## PROBLEM DETAILS:
Leaving all pictures aside, write out the records below precisely as given.

## GIVEN ENTRIES:
-- Opening Marker --

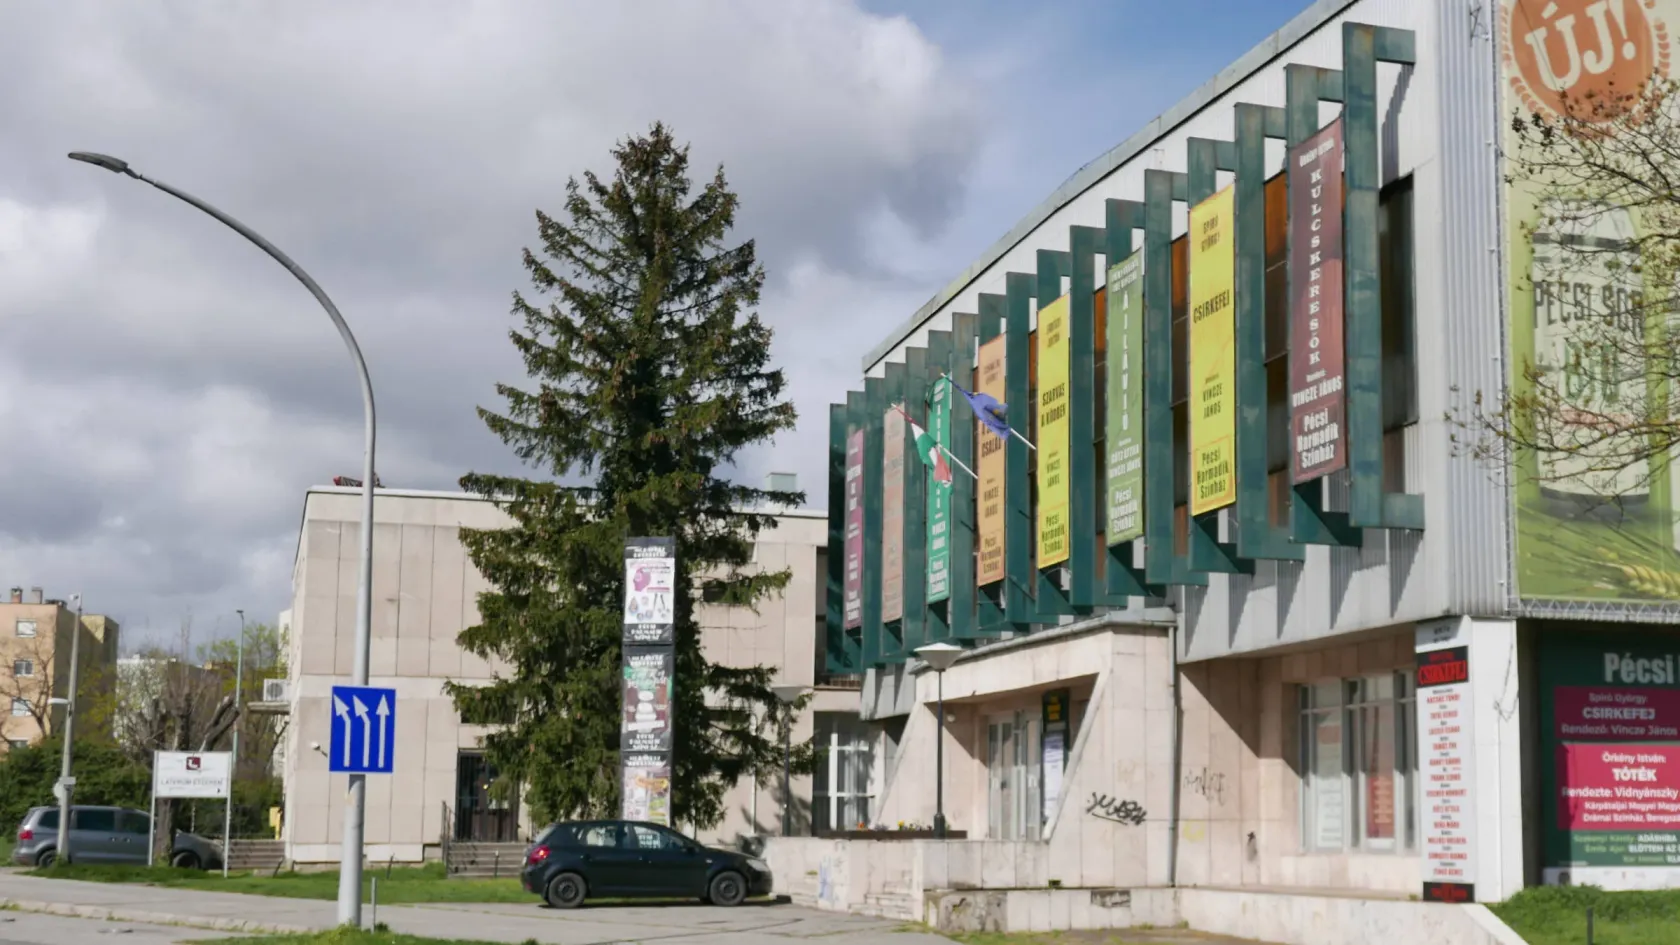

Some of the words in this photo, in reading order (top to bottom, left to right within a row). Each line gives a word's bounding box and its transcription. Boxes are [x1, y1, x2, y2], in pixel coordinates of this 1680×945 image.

[1524, 0, 1637, 91] ÚJ!
[1193, 289, 1230, 324] CSIRKEFEJ
[1304, 408, 1328, 432] Pécsi
[1604, 652, 1674, 684] Pécsi
[1582, 707, 1656, 720] CSIRKEFEJ
[1611, 724, 1646, 736] Vincze
[1648, 724, 1678, 736] János
[1602, 750, 1635, 764] Örkény
[1612, 766, 1657, 782] TÓTÉK
[1562, 787, 1613, 798] Rendezte:
[1615, 787, 1678, 800] Vidnyánszky

-- Closing Marker --

## TASK ANSWER:
Some of the words in this photo, in reading order (top to bottom, left to right within a row). Each line gives a word's bounding box and its transcription. Boxes are [x1, y1, x2, y2], in pixel coordinates of this 1680×945 image.

[1524, 0, 1637, 91] ÚJ!
[1193, 289, 1230, 324] CSIRKEFEJ
[1304, 408, 1328, 432] Pécsi
[1604, 652, 1674, 684] Pécsi
[1582, 707, 1656, 720] CSIRKEFEJ
[1611, 724, 1646, 736] Vincze
[1648, 724, 1678, 736] János
[1602, 750, 1635, 764] Örkény
[1612, 766, 1657, 782] TÓTÉK
[1562, 787, 1613, 798] Rendezte:
[1615, 787, 1678, 800] Vidnyánszky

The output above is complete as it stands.